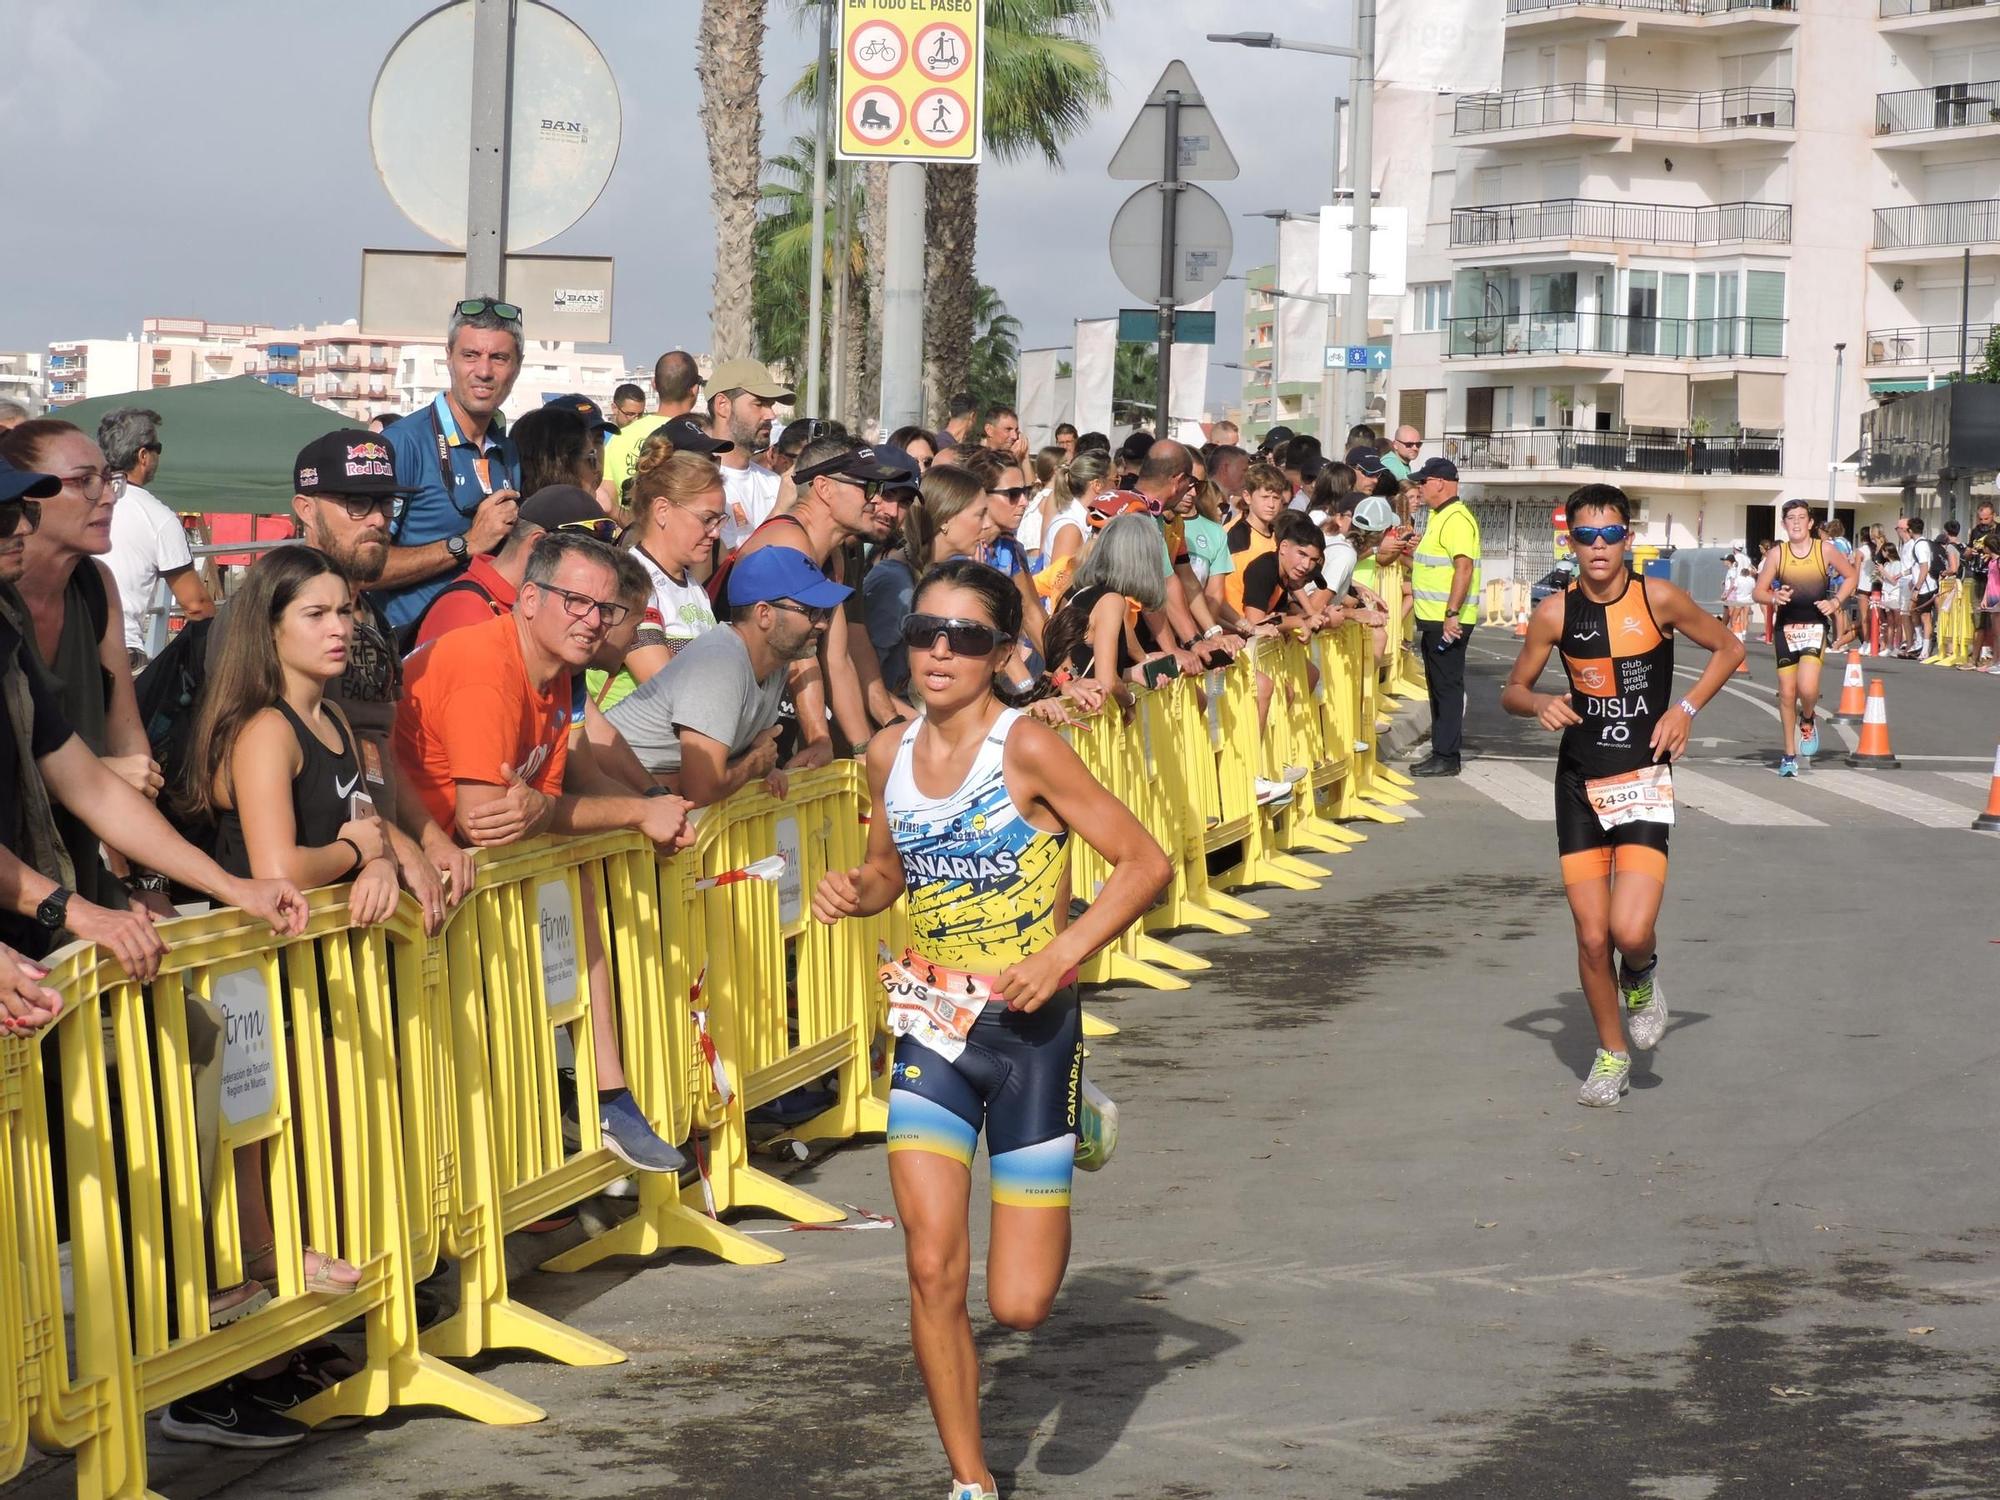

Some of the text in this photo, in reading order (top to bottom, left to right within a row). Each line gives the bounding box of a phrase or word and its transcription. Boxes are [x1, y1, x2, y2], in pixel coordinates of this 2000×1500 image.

[849, 0, 972, 12] EN TODO EL PASEO
[541, 119, 581, 132] BAN
[437, 433, 449, 460] PENTAX
[345, 460, 394, 476] Red Bull
[1786, 632, 1807, 641] 2440
[1621, 659, 1642, 670] club
[1624, 681, 1649, 694] yecla
[1587, 695, 1649, 718] DISLA
[1595, 790, 1638, 809] 2430
[904, 850, 1017, 879] ANARIAS
[1067, 1041, 1083, 1127] CANARIAS

WHAT THE EXERCISE ASKS:
Please give back the material above exactly as written, pictures omitted.

FINISHED EXERCISE:
Some of the text in this photo, in reading order (top to bottom, left to right within a row). Each line gives the bounding box of a phrase or word and its transcription. Boxes are [x1, y1, x2, y2], in pixel coordinates of this 2000×1500 image.

[849, 0, 972, 12] EN TODO EL PASEO
[541, 119, 581, 132] BAN
[437, 433, 449, 460] PENTAX
[345, 460, 394, 476] Red Bull
[1786, 632, 1807, 641] 2440
[1621, 659, 1642, 670] club
[1624, 681, 1649, 694] yecla
[1587, 695, 1649, 718] DISLA
[1595, 790, 1638, 809] 2430
[904, 850, 1017, 879] ANARIAS
[1067, 1041, 1083, 1127] CANARIAS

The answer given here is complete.